The __del__ magic method

The __del__ magic method, also called the finaliser of an object, is a method that is called right before an object is about to be removed from memory. It doesn't actually do the work of removing the object from memory - we'll see how that happens later. Instead, this method is meant to be used to do any clean-up work that needs to happen before an object is removed - for example, closing any files that were opened by the object when it was created.

We're going to be using the following class as an example throughout this section:

class MyNamedClass:
  def __init__(self, name):
    self.name = name

  def __del__(self):
    print(f"Deleting {self.name}!")
Enter fullscreen mode Exit fullscreen mode

This is just a class that'll let us know when one of its instances is about to be removed from memory - or, more specifically, when Python expects to immediately remove the class instance from memory (this won't always be true, as we'll see!).

In the above example, we've defined our class to take a name input when initialised, and when the finaliser is called, it'll let us know by printing the name of the instance in question. That way, we can get a bit of insight into which of these objects are being removed from memory, and when.

So, when will CPython decide to remove an object from memory? There are (as of CPython 3.10) two ways this happens: Reference Counting and Garbage Collection.

Reference counting in CPython

If we have a pointer to an object in Python, that's a reference to that object. For a given object a, CPython keeps track of how many other things point at a. If that counter reaches zero, it's safe to remove that object from memory, since nothing else is using it. Let's see an example:

>>> jane = MyNamedClass("Jane")
>>> del jane
Deleting Jane!
Enter fullscreen mode Exit fullscreen mode

Here we create a new object (MyNamedClass("Jane")) and create a pointer that points at it (jane =). Then, when we del jane, we remove that reference, and the MyNamedClass instance now has a reference count of 0. So, CPython decides to remove it from memory - and, right before that happens, its __del__ method is called, which prints out the message we see above.

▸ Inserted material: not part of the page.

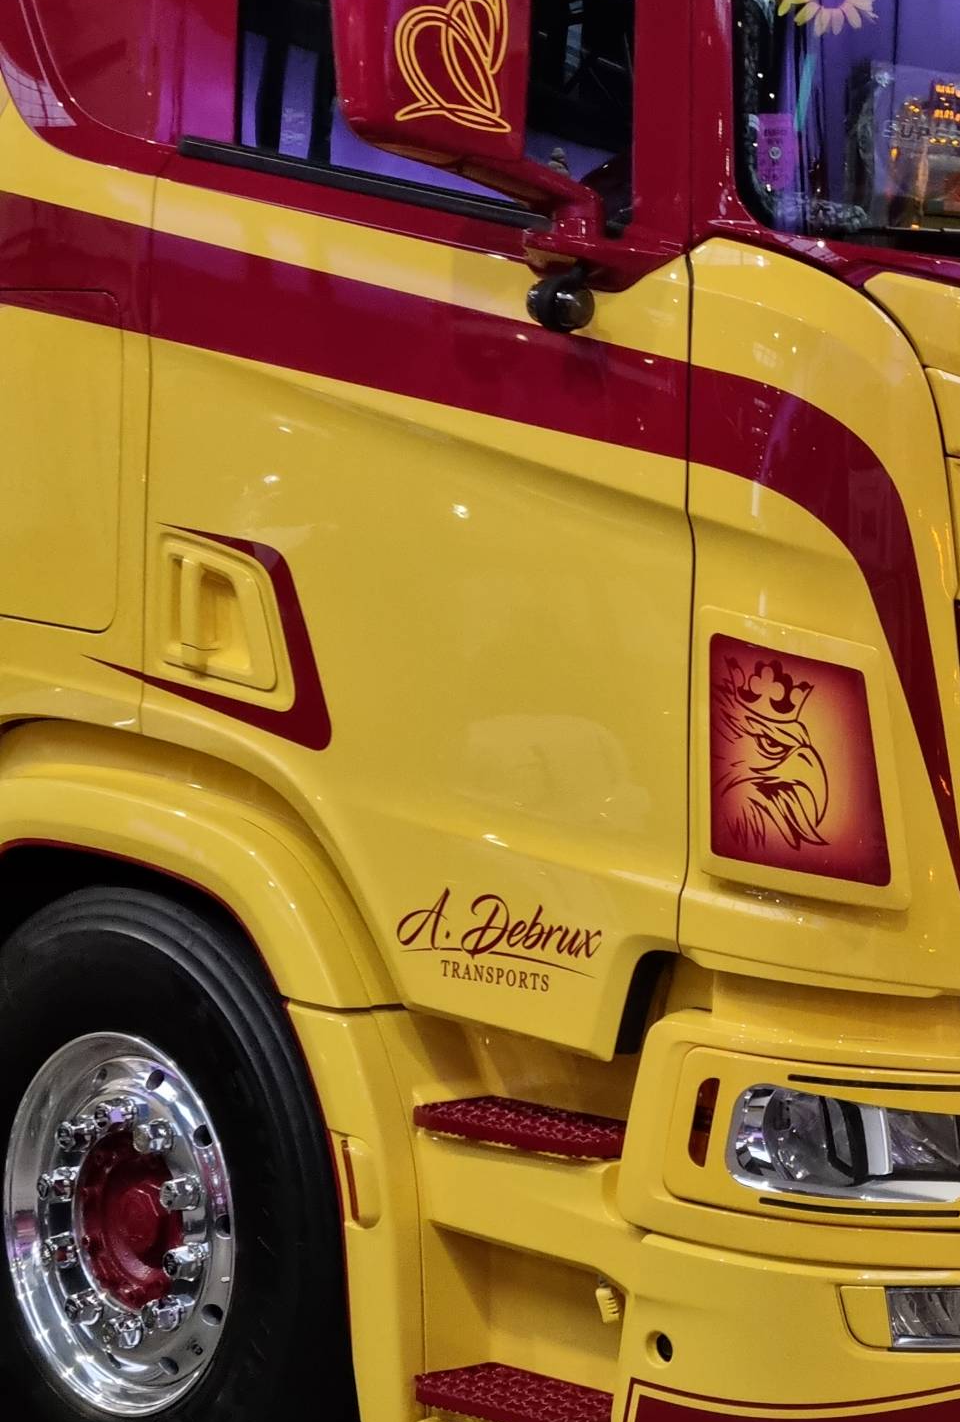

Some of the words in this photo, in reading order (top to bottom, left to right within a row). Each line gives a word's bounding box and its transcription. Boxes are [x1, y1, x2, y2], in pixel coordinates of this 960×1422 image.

[396, 887, 451, 950] A.
[461, 894, 603, 959] Debrux
[440, 959, 550, 992] TRANSPORTS

If we create multiple references to an object, we'll have to get rid of all of them in order for the object to be removed:

>>> bob = MyNamedClass("Bob")
>>> bob_two = bob # creating a new pointer to the same object
>>> del bob # this doesn't cause the object to be removed...
>>> del bob_two # ... but this does
Deleting Bob!
Enter fullscreen mode Exit fullscreen mode

Of course, our instances of MyNamedClass could themselves contain pointers - after all, they're arbitrary Python objects, and we can add whatever attributes we like to them. Let's see an example:

>>> jane = MyNamedClass("Jane")
>>> bob = MyNamedClass("Bob")
>>> jane.friend = bob # now the "Jane" object contains a pointer to the "Bob" object...
>>> bob.friend = jane # ... and vice versa
Enter fullscreen mode Exit fullscreen mode

What we've done in the above code snippet is set up some cyclic references. The object whose name is Jane contains a pointer to the one whose name is Bob, and vice versa. Where this gets interesting is when we do the following:

>>> del jane
>>> del bob
Enter fullscreen mode Exit fullscreen mode

We've now remove the pointers that go from the namespace to the objects. Now, we can't access those MyNamedClass objects at all - but we didn't get the print message telling us they're about to be deleted. This is because there are still references to these objects, contained within each other, and therefore their reference counts are not 0.

What we've created here is a cyclic isolate; a structure where each object has at least one reference within the cycle, keeping it alive, but none of the objects in the cycle can be accessed from the namespace.

Below is a visual representation of what's going on when we create a cyclic isolate.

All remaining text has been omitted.